Current scientific research suggests that about 10% of cancers are caused by genetic mutations. Your individual risk for some hereditary cancers can be determined by genetic testing. Although not all genetic causes for all types of cancer have been identified, we are certain several gene changes, or mutations such as BRCA2 mutations, passed down from parent to child can increase a person’s risk of developing cancer. These changes are known as hereditary cancer syndromes.
You may wish to learn more about your risk for hereditary cancers if you have a strong family history of cancer or if you come from a line of ancestry in a high-risk ethnic group, such as the Ashkenazi Jewish population. For them, genetic testing for the type of cancer can make a lot of sense.
Understanding your genetic cancer risk not only helps you plan for your future health but also the health of your children or future children. As mutations in your DNA have been passed down to you, you will pass the same cancer genetics, and your risk for hereditary cancers, to the next generation if you choose to have children. A person with a strong family history of certain types of cancers may want to learn if they carry a gene mutation that increases their risk of cancer.
If you are considering genetic testing for cancer screening, we strongly recommended you consider speaking with a professional trained in genetics before deciding. The professionals can include doctors, genetic counselors, and other health care providers. Genetic counseling can help you consider the healthcare risks, benefits, and limitations of genetic testing in their particular situation. Sometimes the genetic professional finds that testing is not needed.
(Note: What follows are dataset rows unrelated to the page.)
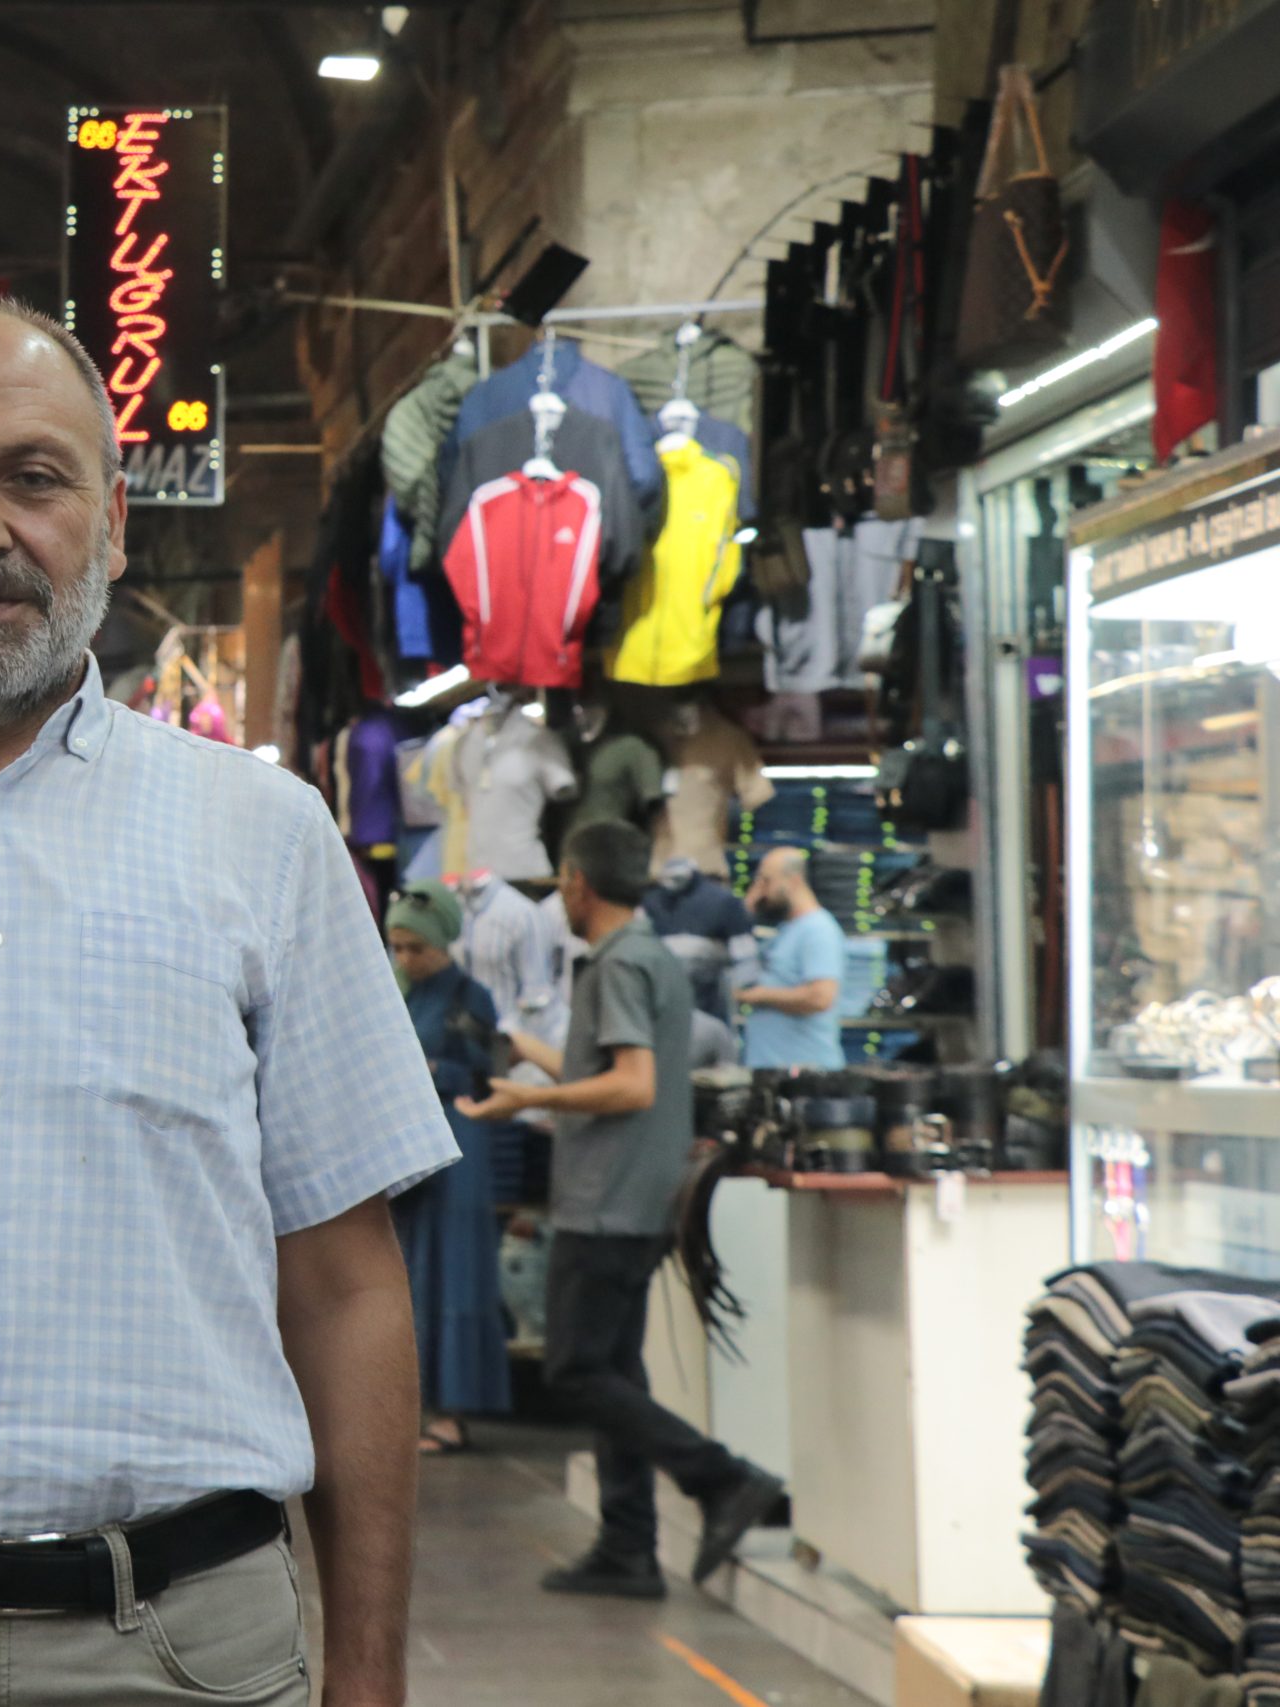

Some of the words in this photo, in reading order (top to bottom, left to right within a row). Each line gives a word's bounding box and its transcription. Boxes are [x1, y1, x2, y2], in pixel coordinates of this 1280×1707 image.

[78, 119, 117, 149] 66
[167, 400, 208, 431] 66
[125, 443, 212, 492] MAZ
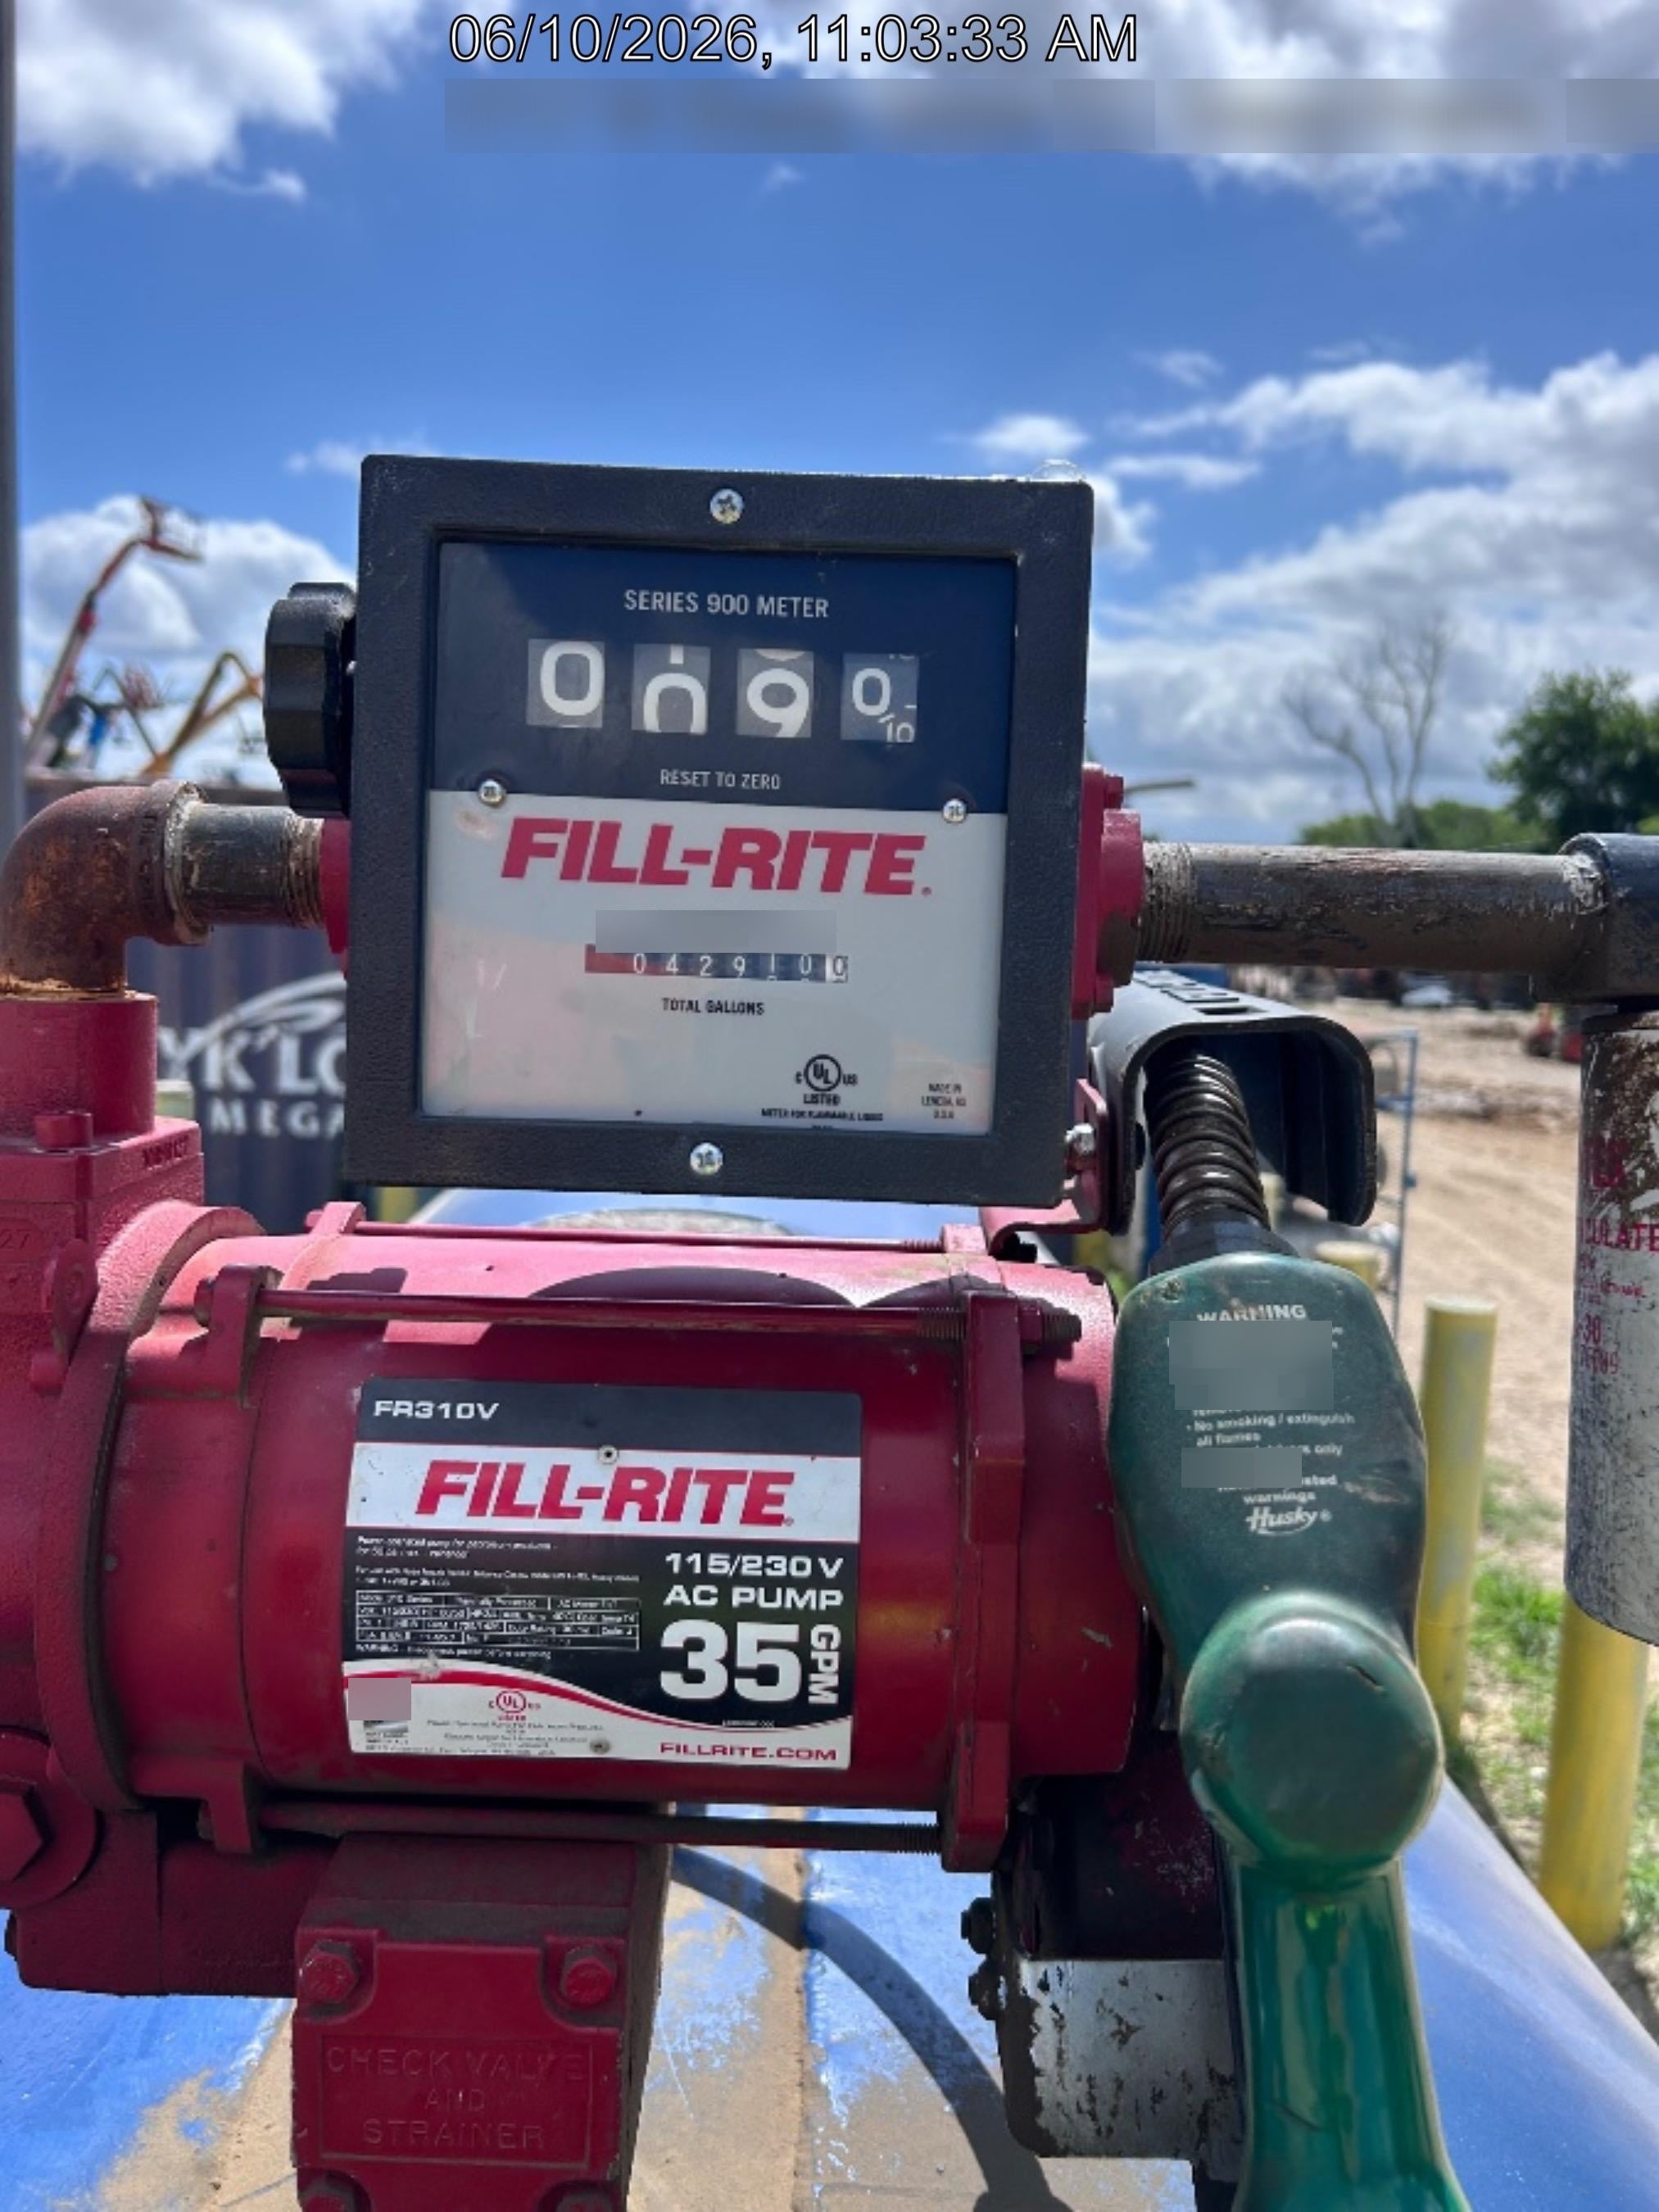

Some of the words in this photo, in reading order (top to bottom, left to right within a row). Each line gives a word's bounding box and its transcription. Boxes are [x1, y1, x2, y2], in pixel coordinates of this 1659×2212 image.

[623, 588, 699, 614] SERIES
[706, 593, 750, 615] 900
[756, 595, 830, 619] METER
[660, 768, 711, 788] RESET
[714, 770, 737, 788] TO
[741, 772, 782, 791] ZERO
[500, 815, 927, 896] FILL-RITE
[661, 997, 700, 1013] TOTAL
[705, 999, 765, 1016] GALLONS
[374, 1400, 499, 1421] FR310V
[1216, 1415, 1276, 1431] smoking
[415, 1459, 795, 1528] FILL-RITE
[665, 1552, 810, 1580] 115/230
[818, 1557, 845, 1579] V
[663, 1584, 719, 1608] AC
[731, 1587, 845, 1610] PUMP
[659, 1619, 803, 1704] 35
[808, 1624, 841, 1706] GPM
[659, 1741, 837, 1761] FILLRITE.COM
[327, 2047, 450, 2078] CHECK
[465, 2051, 585, 2083] VALVE
[424, 2087, 486, 2113] AND
[362, 2118, 546, 2151] STRAINER
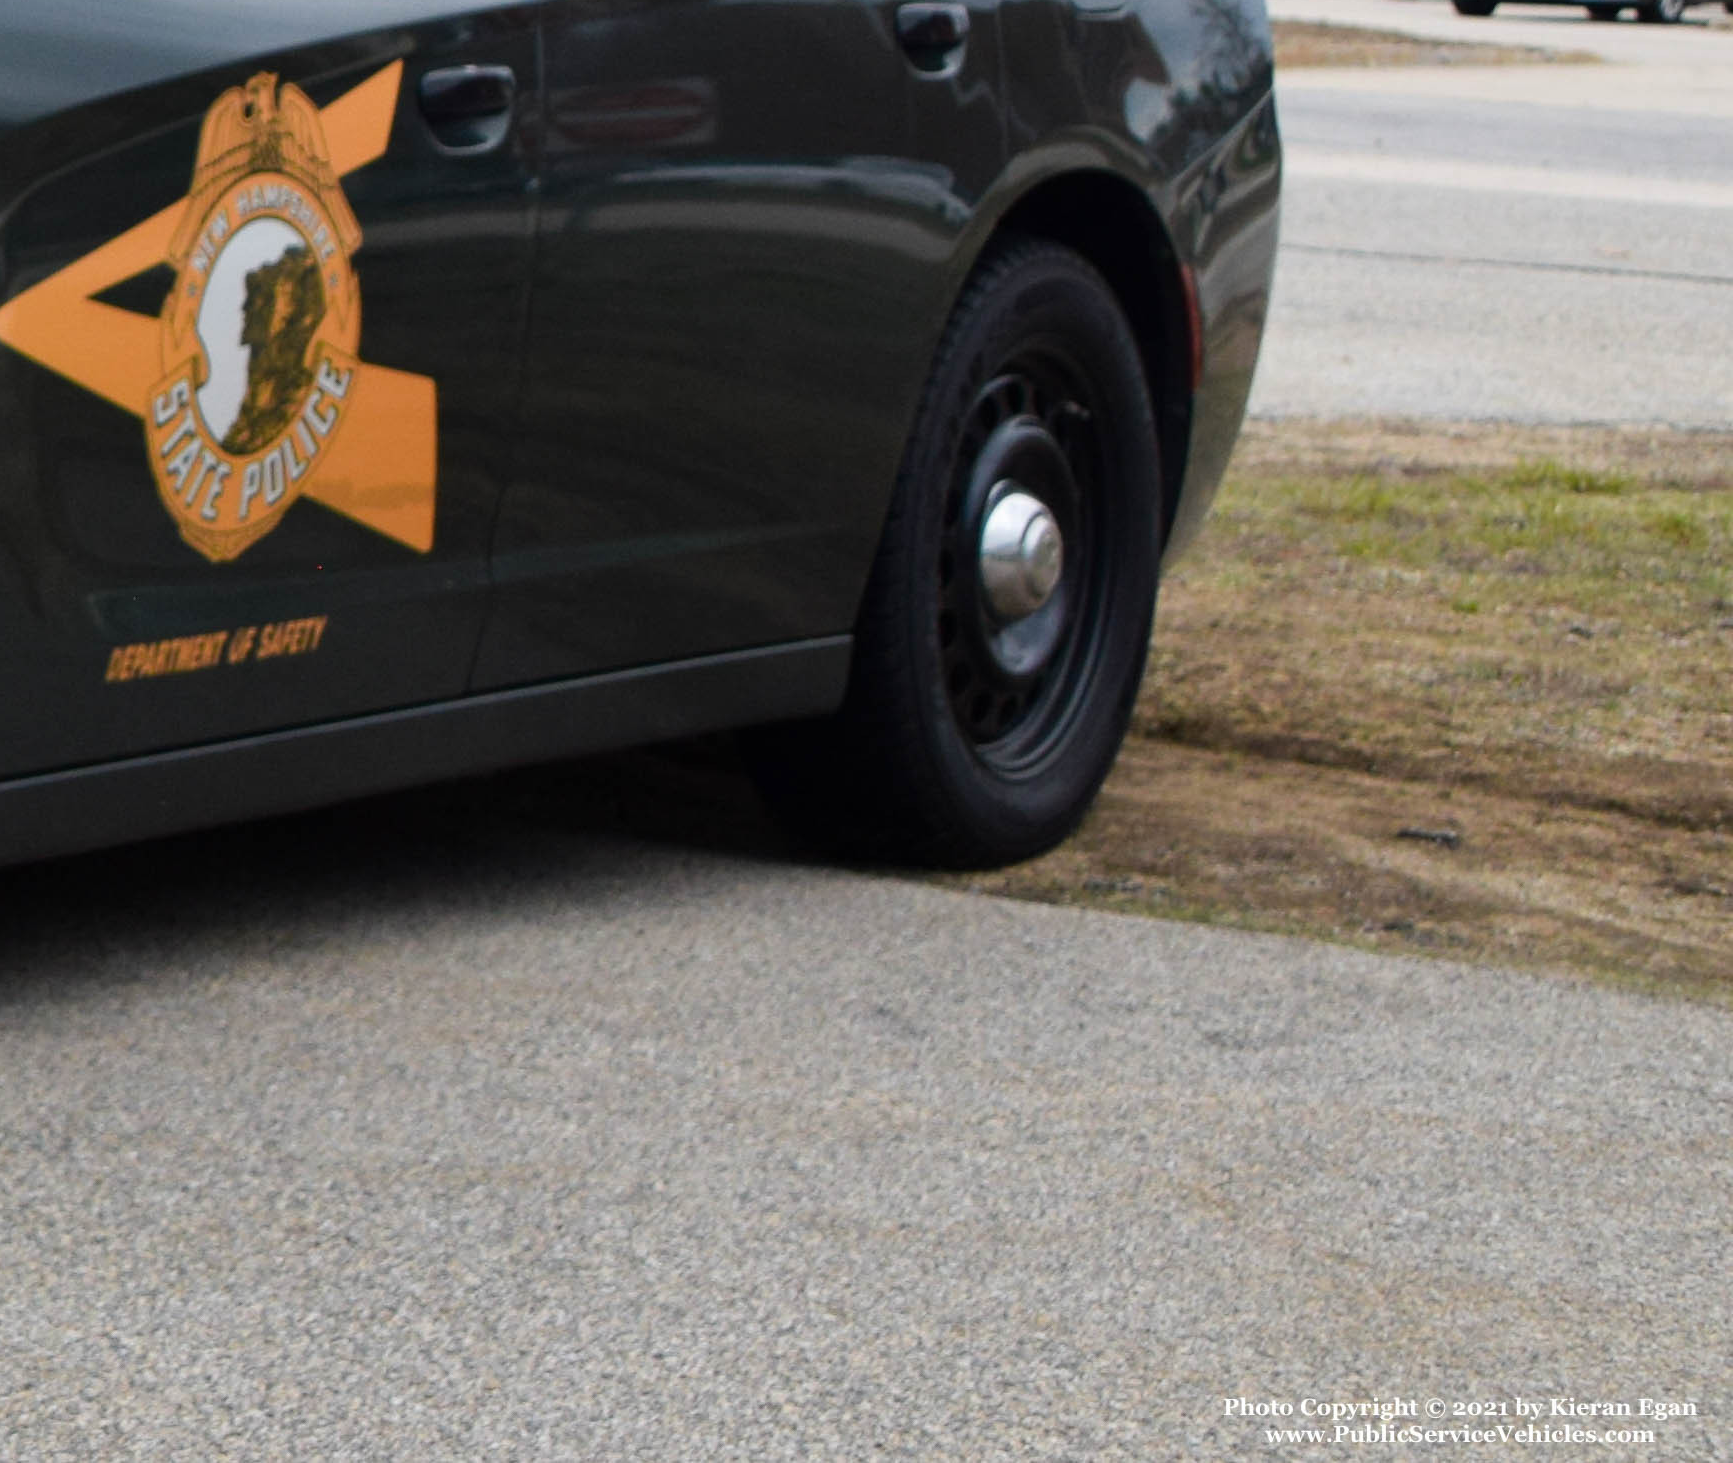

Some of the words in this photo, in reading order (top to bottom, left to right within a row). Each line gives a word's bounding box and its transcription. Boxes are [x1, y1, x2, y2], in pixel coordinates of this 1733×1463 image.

[153, 376, 232, 521] STATE
[237, 356, 354, 521] POLICE
[105, 630, 230, 683] DEPARTMENT
[228, 625, 258, 665] OF
[256, 615, 329, 662] SAFETY
How Does Genetic Testing for Cancer Work?
Genetic testing is simple and relatively affordable. Your doctor will collect a small blood sample and send it to a laboratory. In less than 2 weeks, you should receive your test results. You can discuss your genetic test results with a genetic counselor, who can provide more information about your risk of cancer and risk assessment for your children, and talk with you about your next healthcare steps.
Most health insurance companies cover 90% of costs for genetic testing, and payment plans may be available for some patients.
What Can Genetic Testing for Cancer Tell Me?
If you have a family medical history of breast, ovarian, uterine, or endometrial cancer, your gynecologist might recommend genetic testing for cancer to assess your risk.
Genetic information can tell you if you carry one or more of the genetic mutations that have been strongly linked to cancer. A positive result does NOT tell you that you have cancer, or that you definitely will develop cancer. It can also help other family members decide if they want to be tested for the gene mutation. However, it does mean that you are at an increased risk.
Genetic Testing for Breast and Ovarian Cancer
Studies have indicated that about 7% of breast cancers and 10-15% of ovarian cancers are caused by mutations in the BRCA mutation, BRCA1 or BRCA2 genes. If you are a carrier of one or both of these genetic mutations, then your doctor may diagnose you with a condition known as Hereditary Breast and Ovarian Cancer (HBOC) Syndrome, and possibly related cancers, such as pancreatic cancer.
Men with these gene mutations have an increased risk of male breast cancer as well, especially if the BRCA2 gene is affected, and possibly of prostate cancer. Many inherited cases of breast cancer have been associated with mutations in these genes.
Patients with HBOC syndrome have an 87% risk of breast cancer and a 63% chance of developing ovarian cancer by age 70. By undergoing genetic testing, you and your doctor can better understand your risk for breast and ovarian cancer and take early steps to delay or prevent cancer.
Genetic Testing for Lynch Syndrome
Lynch syndrome, also known as Hereditary Non-polyposis Colorectal Cancer (HNPCC), is a genetic condition that is strongly linked to uterine, endometrial, and colorectal cancers. Lynch syndrome is caused by mutations in the EPCAM, MLH1, MSH2, MSH6, and PMS2 genes.
Lynch syndrome is also associated with a higher risk for developing ovarian, stomach, pancreatic, renal, urinary tract, biliary tract, small bowel, and brain cancers. Additionally, many patients with Lynch syndrome develop benign tumors in the skin’s oil glands, called sebaceous adenomas.
What Happens if I Test Positive for a Cancerous Genetic Mutation?
If you receive a positive test result, it means that you are at an increased risk of developing cancer. Your gynecologist will discuss with you some ways in which you can decrease your risk, delay, or prevent the development of cancer. Your doctor may refer you to an oncologist for specialized cancer care treatment.
Generally, doctors rely on the tested family member to share the genetic information with their relatives so that family members will know that a genetic condition has been identified. Then, each family member should make their own decision regarding whether or not to be tested to learn if they are also at risk of developing cancer.
Some treatment options your oncologist may recommend include:
- Early and frequent screenings for breast, ovarian, uterine, and other cancers associated with your mutation.
- Cancer risk-reducing medication, known as chemoprevention
- Surgical removal of the affected tissue, such as a mastectomy or hysterectomy, before the onset of cancer.